The full listing, excluding its pictures, should be printed exactly as it stands.
----
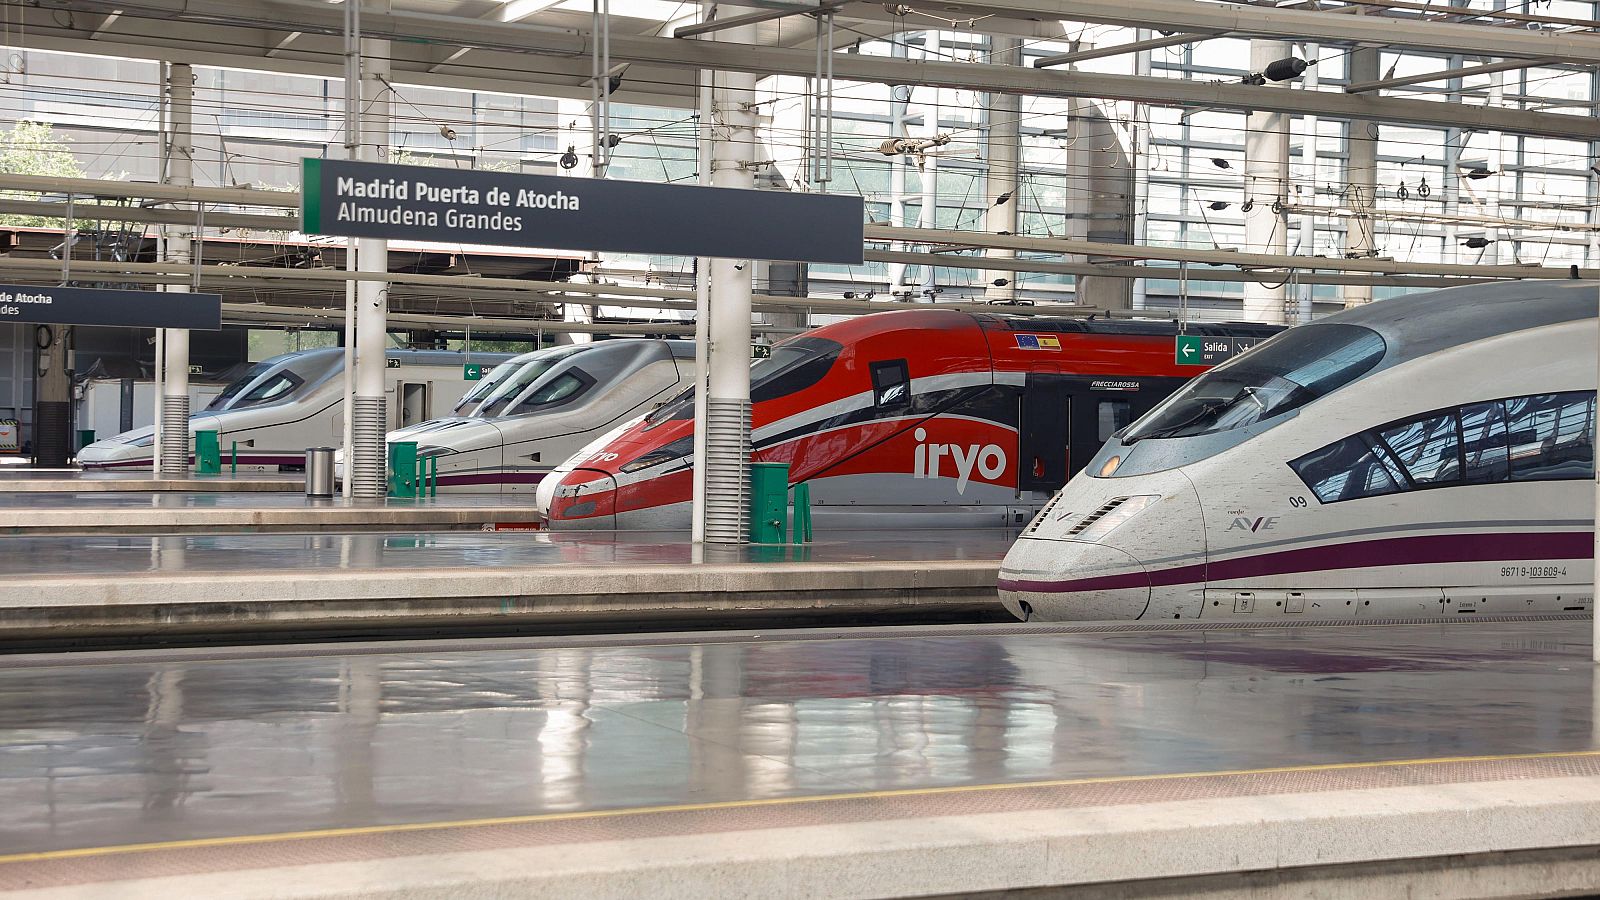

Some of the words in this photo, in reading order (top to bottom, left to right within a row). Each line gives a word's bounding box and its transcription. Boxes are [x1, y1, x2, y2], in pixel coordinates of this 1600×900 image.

[337, 177, 408, 200] Madrid
[416, 182, 479, 205] Puerta
[486, 187, 511, 206] de
[516, 189, 580, 211] Atocha
[337, 202, 438, 227] Almudena
[445, 209, 522, 232] Grandes
[0, 292, 13, 302] de
[15, 293, 53, 304] Atocha
[0, 305, 20, 315] des
[1204, 342, 1228, 352] Salida
[914, 427, 1007, 496] iryo
[1289, 496, 1307, 508] 09
[1226, 516, 1281, 533] AVE
[1501, 567, 1519, 577] 9671
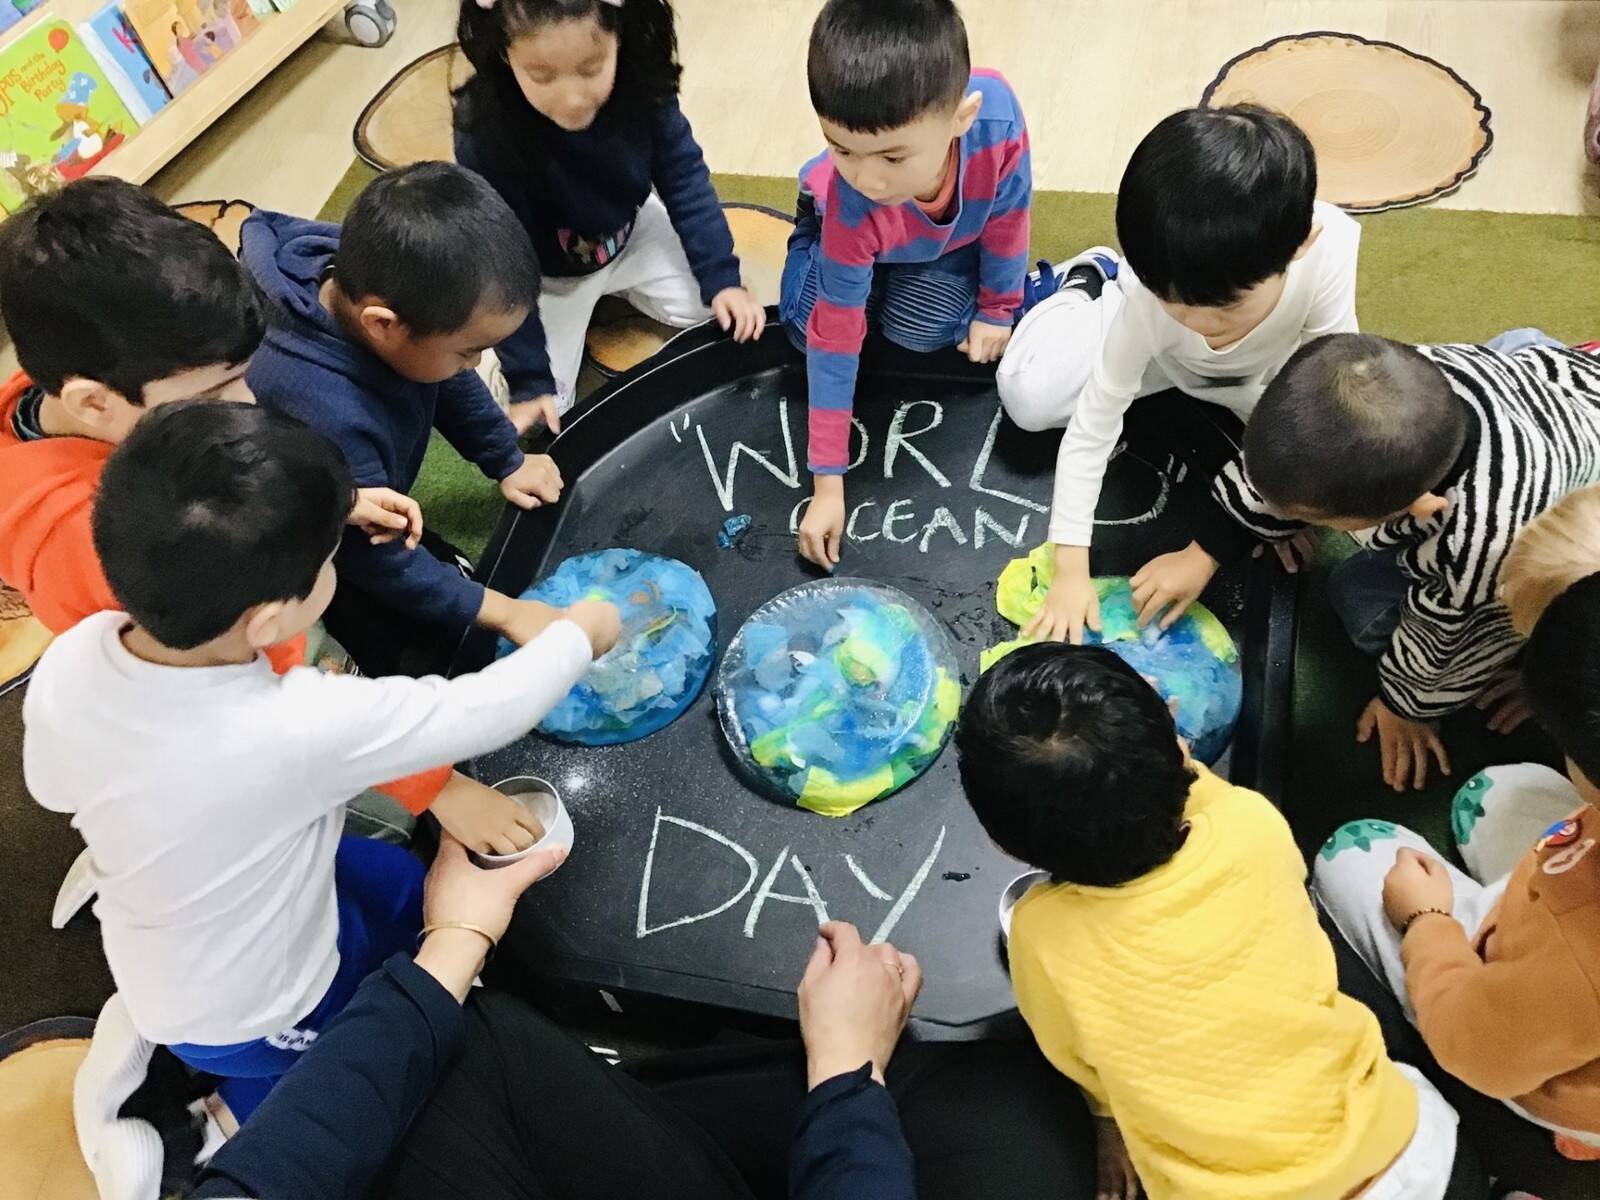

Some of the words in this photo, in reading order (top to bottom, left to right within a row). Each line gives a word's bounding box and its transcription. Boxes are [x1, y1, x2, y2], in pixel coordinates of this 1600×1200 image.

[20, 59, 66, 93] Birthday
[34, 77, 66, 102] Party
[635, 806, 946, 945] DAY
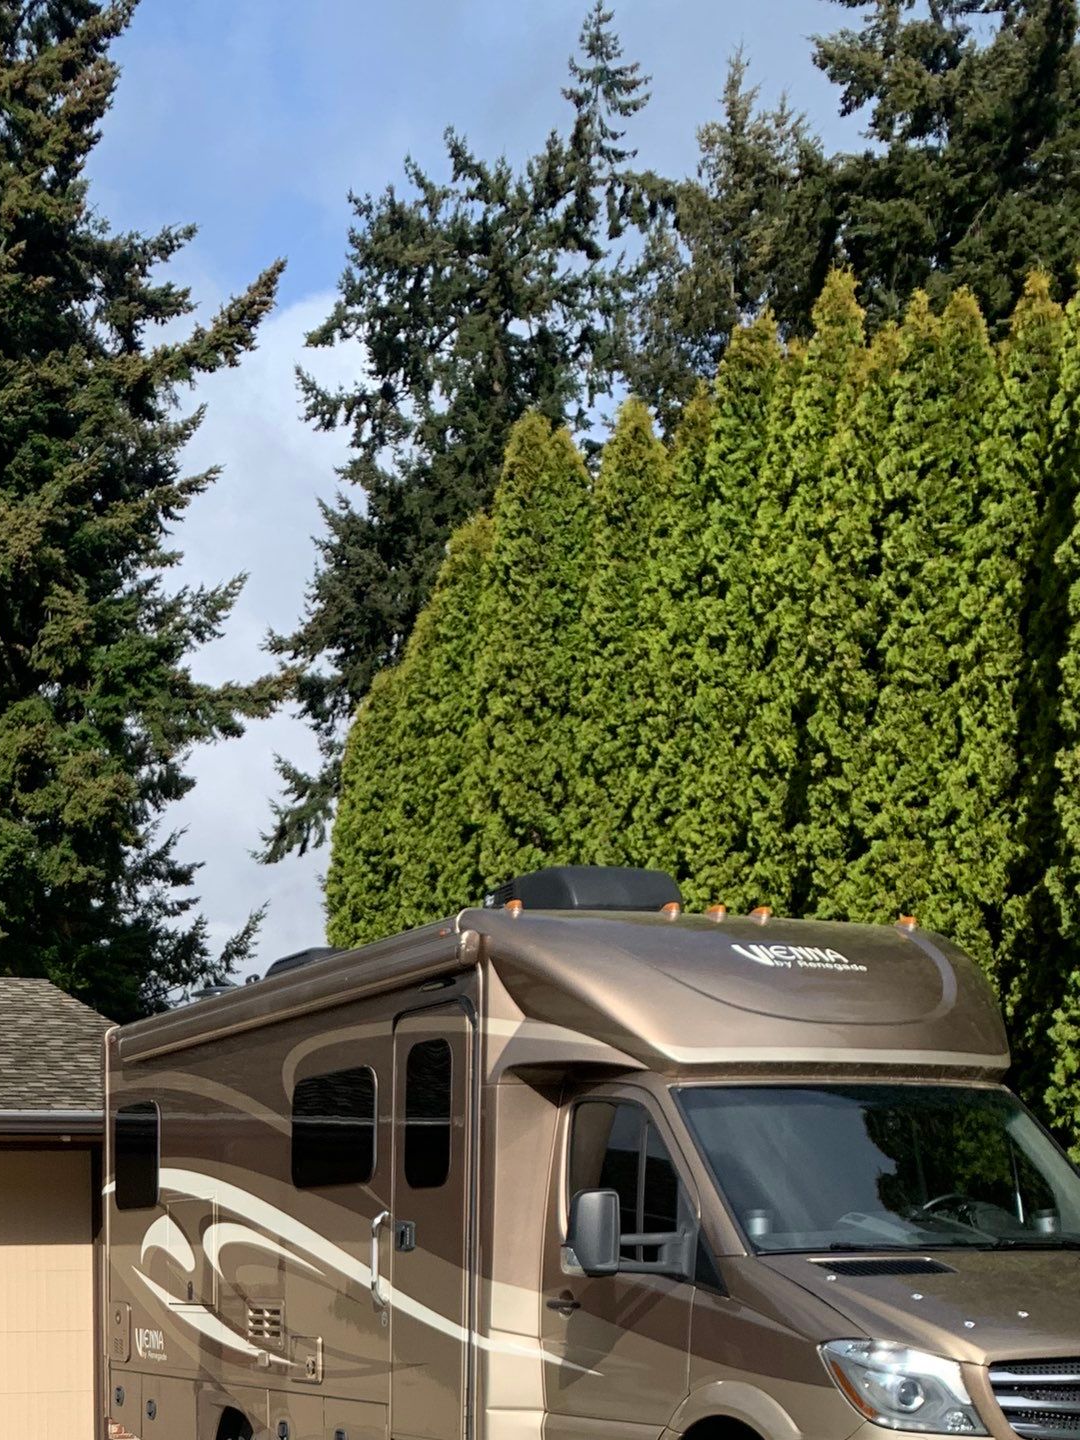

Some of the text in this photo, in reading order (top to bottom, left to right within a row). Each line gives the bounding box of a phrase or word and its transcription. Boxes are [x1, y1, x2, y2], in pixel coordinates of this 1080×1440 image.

[731, 944, 849, 967] VIENNA
[774, 960, 868, 973] by Renegade
[135, 1328, 164, 1358] VIENNA
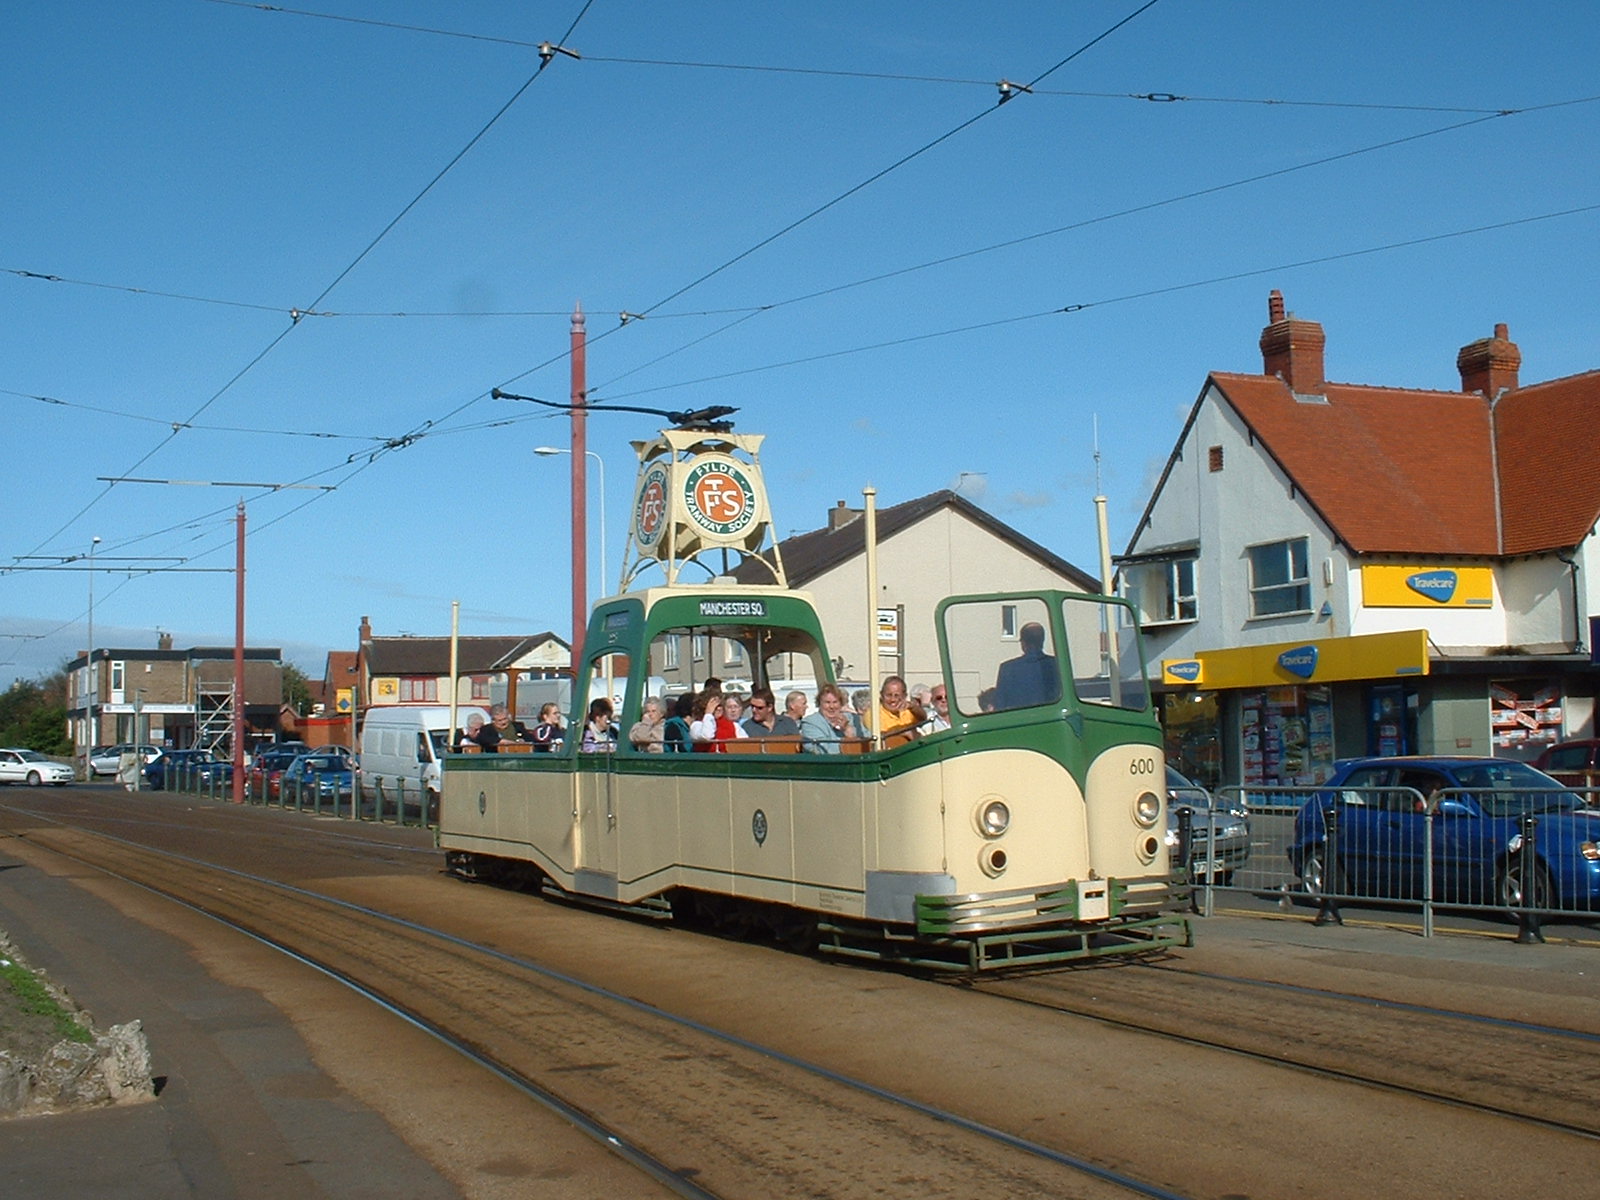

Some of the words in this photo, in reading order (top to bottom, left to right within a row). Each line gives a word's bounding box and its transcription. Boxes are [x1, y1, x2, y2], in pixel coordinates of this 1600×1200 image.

[695, 463, 737, 477] FYLDE
[685, 490, 723, 533] TRAMWAY
[727, 489, 755, 533] SOCIETY
[1413, 577, 1455, 589] Travelcare
[700, 602, 751, 616] MANCHESTER
[1129, 757, 1155, 775] 600
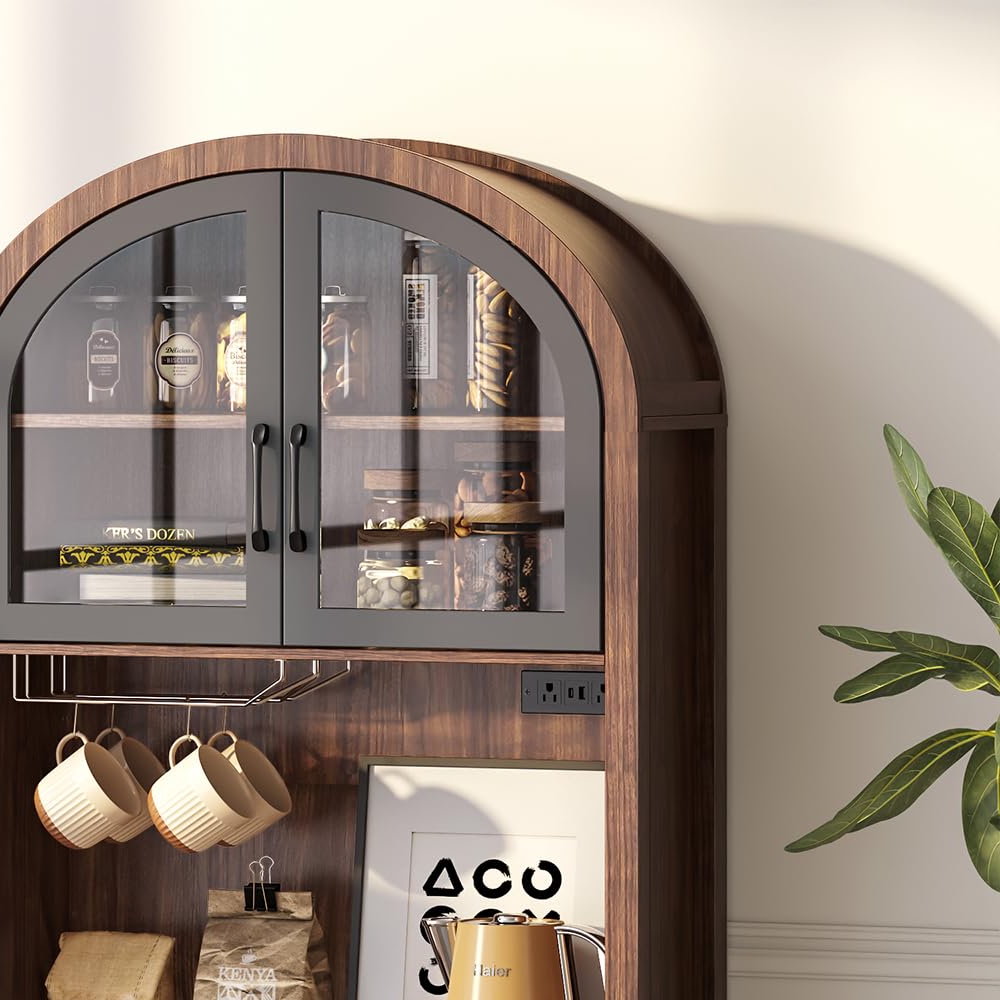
----
## Written solution
Some of the words in this photo, in reading order (top to bottom, left to right within a row). Each line gives a word's bounding box and its transcription. Boxes are [x1, y1, x2, y2], in pixel coordinates of this 1600×900 image.

[337, 177, 408, 200] Madrid
[416, 182, 479, 205] Puerta
[486, 187, 511, 206] de
[516, 189, 580, 211] Atocha
[337, 202, 438, 227] Almudena
[445, 209, 522, 232] Grandes
[0, 292, 13, 302] de
[15, 293, 53, 304] Atocha
[0, 305, 20, 315] des
[1204, 342, 1228, 352] Salida
[914, 427, 1007, 496] iryo
[1289, 496, 1307, 508] 09
[1226, 516, 1281, 533] AVE
[1501, 567, 1519, 577] 9671

Some of the words in this photo, in reading order (top to bottom, left to right within a row). Each line gives a word's bounding box and its transcription. Boxes are [x1, y1, x2, y2], in pixel coordinates of this 1600×1200 image.

[20, 59, 66, 93] Birthday
[34, 77, 66, 102] Party
[635, 806, 946, 945] DAY

Some of the text in this photo, in reading order (top to bottom, left to right within a row). Each line gives the bounding box of a phrase or word and its transcription. Boxes are [x1, y1, x2, y2], in pixel coordinates of this 1080×1440 image.

[731, 944, 849, 967] VIENNA
[774, 960, 868, 973] by Renegade
[135, 1328, 164, 1358] VIENNA

Some of the words in this photo, in reading order (top to bottom, left to right within a row). Each line gives a word's bounding box and its transcription. Boxes are [x1, y1, x2, y2], in pixel coordinates of this 1600×1200 image.

[695, 463, 737, 477] FYLDE
[685, 490, 723, 533] TRAMWAY
[727, 489, 755, 533] SOCIETY
[1413, 577, 1455, 589] Travelcare
[700, 602, 751, 616] MANCHESTER
[1129, 757, 1155, 775] 600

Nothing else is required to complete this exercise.